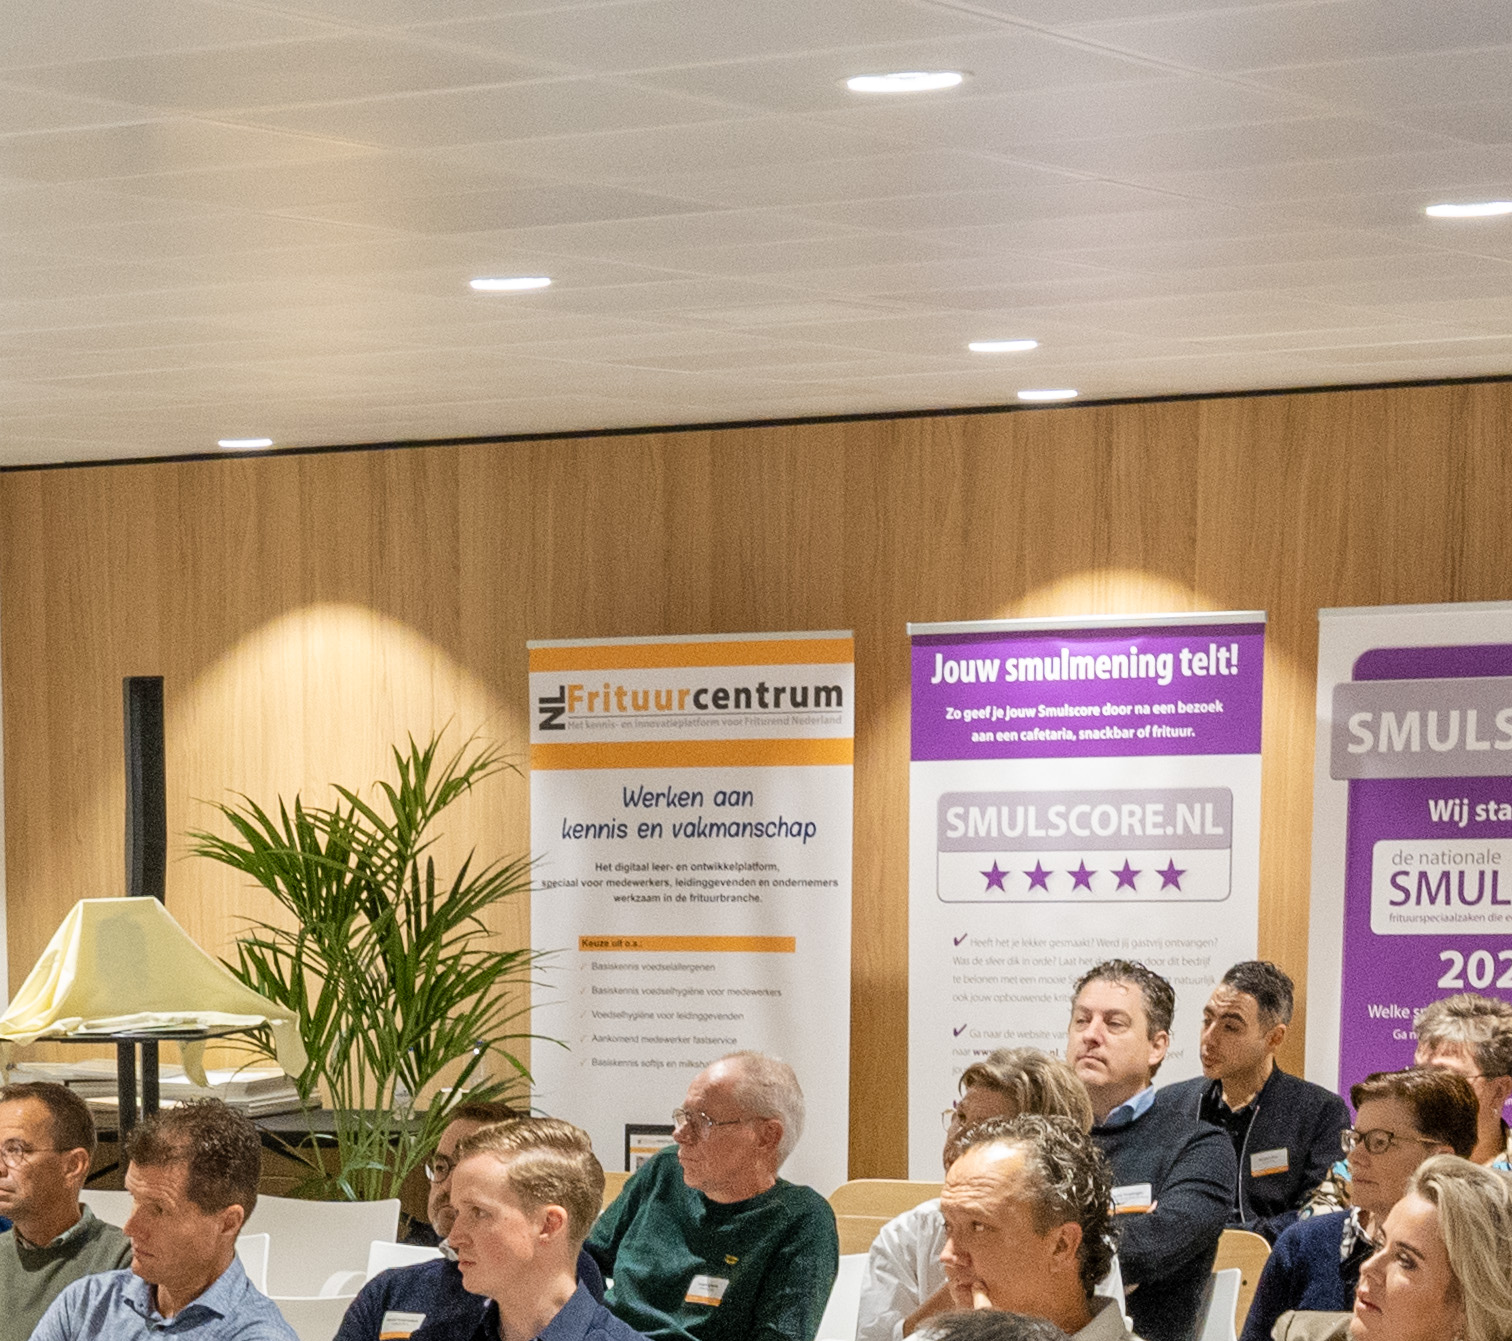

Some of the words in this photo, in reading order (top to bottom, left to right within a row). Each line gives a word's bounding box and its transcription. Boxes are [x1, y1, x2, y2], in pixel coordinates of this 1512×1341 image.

[931, 652, 1000, 685] Jouw
[1004, 646, 1174, 686] smulmening
[1179, 643, 1239, 677] telt!
[538, 685, 566, 731] NL
[567, 681, 843, 713] Frituurcentrum
[945, 707, 962, 720] Zo
[963, 706, 991, 722] geef
[992, 706, 1004, 721] je
[1005, 705, 1036, 721] jouw
[1037, 704, 1100, 718] Smulscore
[1102, 702, 1132, 716] door
[1134, 704, 1150, 715] na
[1152, 703, 1175, 714] een
[1177, 700, 1223, 714] bezoek
[971, 731, 994, 743] aan
[996, 730, 1018, 742] een
[1020, 727, 1077, 742] cafetaria,
[1078, 725, 1135, 741] snackbar
[1136, 725, 1151, 739] of
[1151, 725, 1196, 738] frituur.
[622, 785, 704, 809] Werken
[713, 787, 754, 807] aan
[946, 803, 1224, 838] SMULSCORE.NL
[1428, 799, 1469, 828] Wij
[562, 817, 628, 840] kennis
[637, 821, 662, 839] en
[672, 815, 817, 844] vakmanschap
[595, 862, 612, 872] Het
[615, 861, 649, 873] digitaal
[652, 862, 674, 872] leer-
[676, 863, 688, 872] en
[1391, 850, 1414, 866] de
[1419, 849, 1501, 866] nationale
[541, 877, 578, 889] speciaal
[581, 879, 603, 887] voor
[675, 877, 756, 889] leidinggevenden
[758, 879, 770, 887] en
[772, 878, 839, 888] ondernemers
[1367, 1004, 1411, 1020] Welke
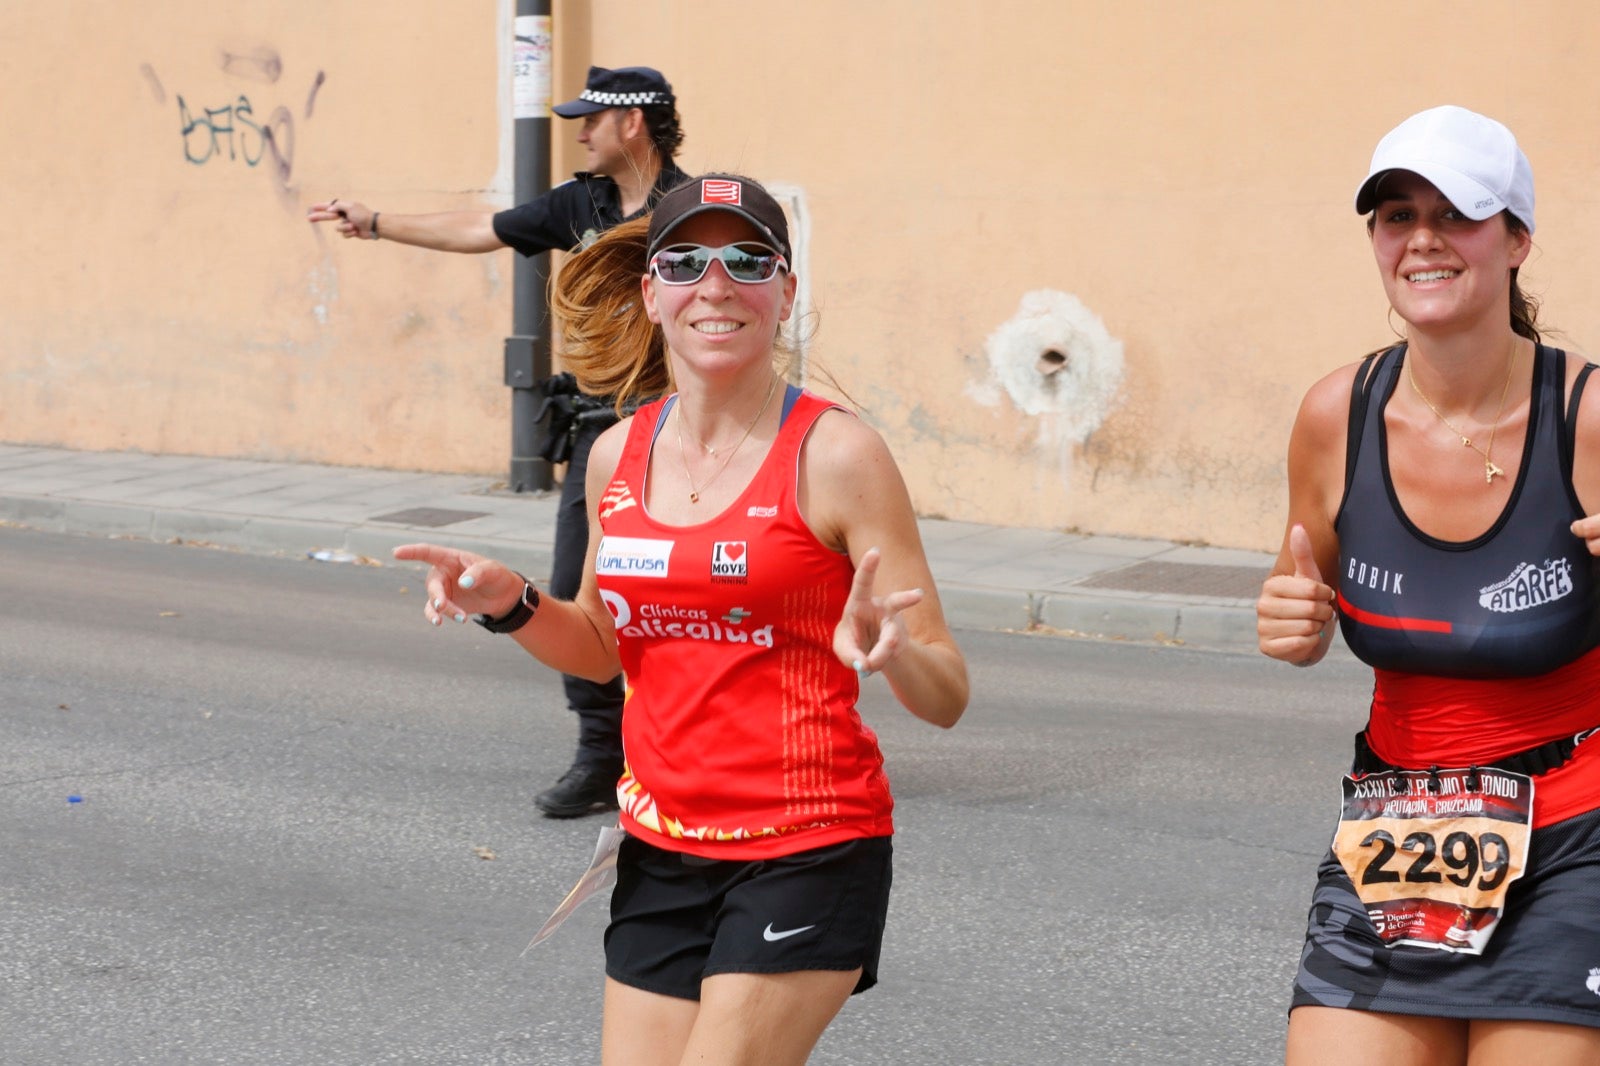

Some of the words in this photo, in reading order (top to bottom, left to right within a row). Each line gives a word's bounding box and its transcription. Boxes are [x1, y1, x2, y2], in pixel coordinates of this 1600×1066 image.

[715, 544, 722, 562] I
[712, 563, 746, 574] MOVE
[1348, 557, 1404, 595] GOBIK
[1490, 562, 1569, 610] ATARFE
[639, 603, 708, 621] Clínicas
[1359, 829, 1511, 891] 2299

- - - - -

Although the records contain pictures, the copy should hold only their text, reproduced exactly.

Some of the words in this photo, in reading order (top to bottom, left to right within a row). Each line gives a word's bounding box and its transcription. Boxes are [x1, y1, x2, y2], in pixel coordinates of this 1512×1341 image.

[931, 652, 1000, 685] Jouw
[1004, 646, 1174, 686] smulmening
[1179, 643, 1239, 677] telt!
[538, 685, 566, 731] NL
[567, 681, 843, 713] Frituurcentrum
[945, 707, 962, 720] Zo
[963, 706, 991, 722] geef
[992, 706, 1004, 721] je
[1005, 705, 1036, 721] jouw
[1037, 704, 1100, 718] Smulscore
[1102, 702, 1132, 716] door
[1134, 704, 1150, 715] na
[1152, 703, 1175, 714] een
[1177, 700, 1223, 714] bezoek
[971, 731, 994, 743] aan
[996, 730, 1018, 742] een
[1020, 727, 1077, 742] cafetaria,
[1078, 725, 1135, 741] snackbar
[1136, 725, 1151, 739] of
[1151, 725, 1196, 738] frituur.
[622, 785, 704, 809] Werken
[713, 787, 754, 807] aan
[946, 803, 1224, 838] SMULSCORE.NL
[1428, 799, 1469, 828] Wij
[562, 817, 628, 840] kennis
[637, 821, 662, 839] en
[672, 815, 817, 844] vakmanschap
[595, 862, 612, 872] Het
[615, 861, 649, 873] digitaal
[652, 862, 674, 872] leer-
[676, 863, 688, 872] en
[1391, 850, 1414, 866] de
[1419, 849, 1501, 866] nationale
[541, 877, 578, 889] speciaal
[581, 879, 603, 887] voor
[675, 877, 756, 889] leidinggevenden
[758, 879, 770, 887] en
[772, 878, 839, 888] ondernemers
[1367, 1004, 1411, 1020] Welke

Some of the words in this photo, in reading order (top to bottom, left to right within a row). Each line gives a word's bounding box and its transcription. Boxes are [x1, y1, x2, y2], in pixel coordinates of this 1600×1066 image.

[715, 544, 722, 562] I
[712, 563, 746, 574] MOVE
[1348, 557, 1404, 595] GOBIK
[1490, 562, 1569, 610] ATARFE
[639, 603, 708, 621] Clínicas
[1359, 829, 1511, 891] 2299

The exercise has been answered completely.